On October 15, 2001, complainant and his first-level supervisor had a

pre-disciplinary meeting. The supervisor states that during that meeting,

complainant stated that the reason he was late was because he had to

take his wife to work. Complainant stated that he had offered that

explanation on a prior occasion, but not at the pre-disciplinary meeting.

Complainant testified that the agency approved leave for him, but

subsequently cited his leave usage as the basis for his removal.

Complainant stated that he had requested being able to arrive late on

an as needed basis because he was subject to flare-ups of his arthritis,

which was more of a problem when he awoke.

The AJ assumed for the sake of argument that complainant had established

that he was covered under the Rehabilitation Act. He first found that

complainant had not established disparate treatment discrimination,

in that he had not shown that he was treated less favorably than

employees outside of his protected groups. The AJ noted in particular

that complainant had requested at-will unscheduled leave, while the

employees to whom he compared himself had requested scheduled leave.

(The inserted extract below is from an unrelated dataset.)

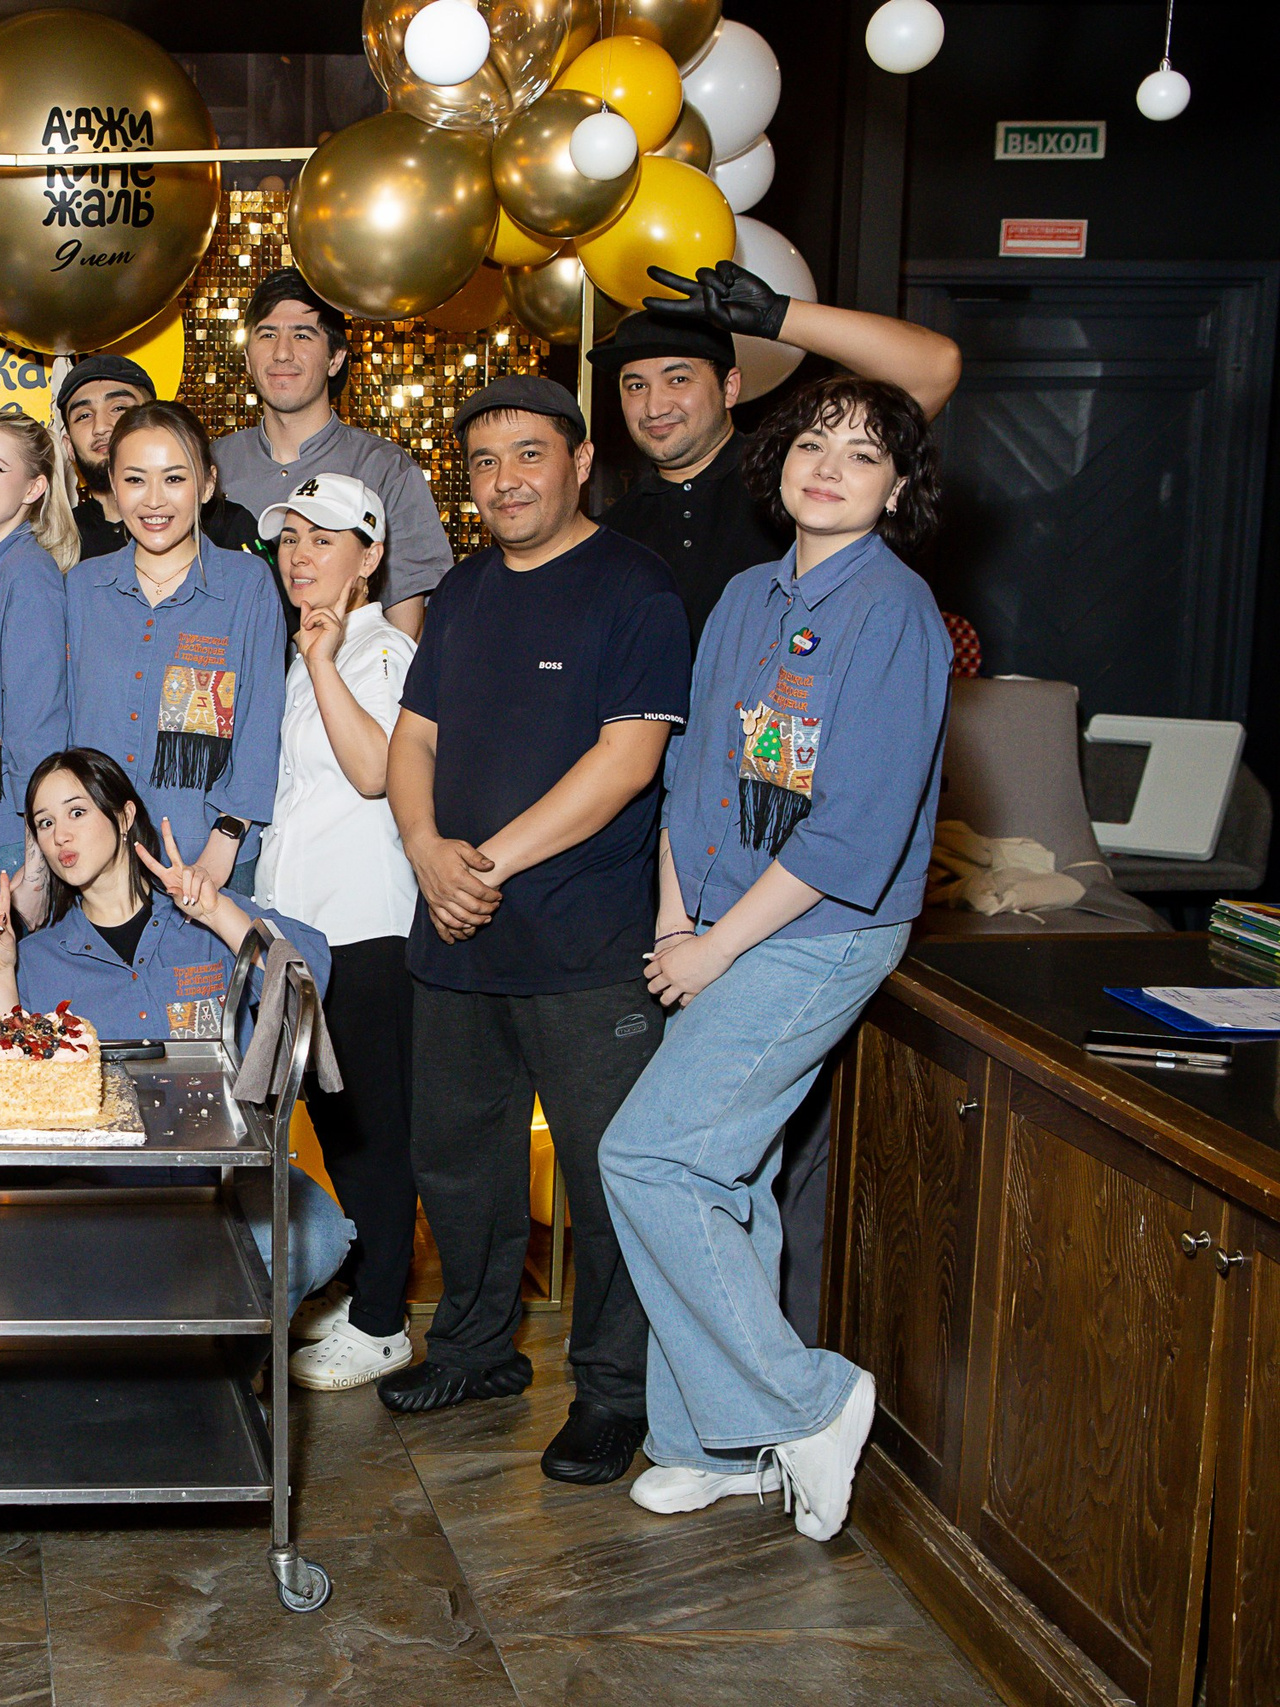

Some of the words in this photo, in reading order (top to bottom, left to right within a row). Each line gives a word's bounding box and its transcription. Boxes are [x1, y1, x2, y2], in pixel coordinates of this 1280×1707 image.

The AJ next found that complainant had not, in fact, requested reasonable

accommodation, and that the request he asserted at the time of the

hearing was not reasonable. The AJ noted that there was no evidence of

a written request, nor evidence that complainant specifically requested

to be allowed to come in at whatever time his condition permitted.

The AJ further cited evidence that complainant would come in anywhere

from two to four hours late without calling in and without reporting to a

supervisor when he finally arrived. The AJ also noted that at one point,

the agency offered complainant a change in tour so that he would not

have to report to work soon after waking, but that complainant declined.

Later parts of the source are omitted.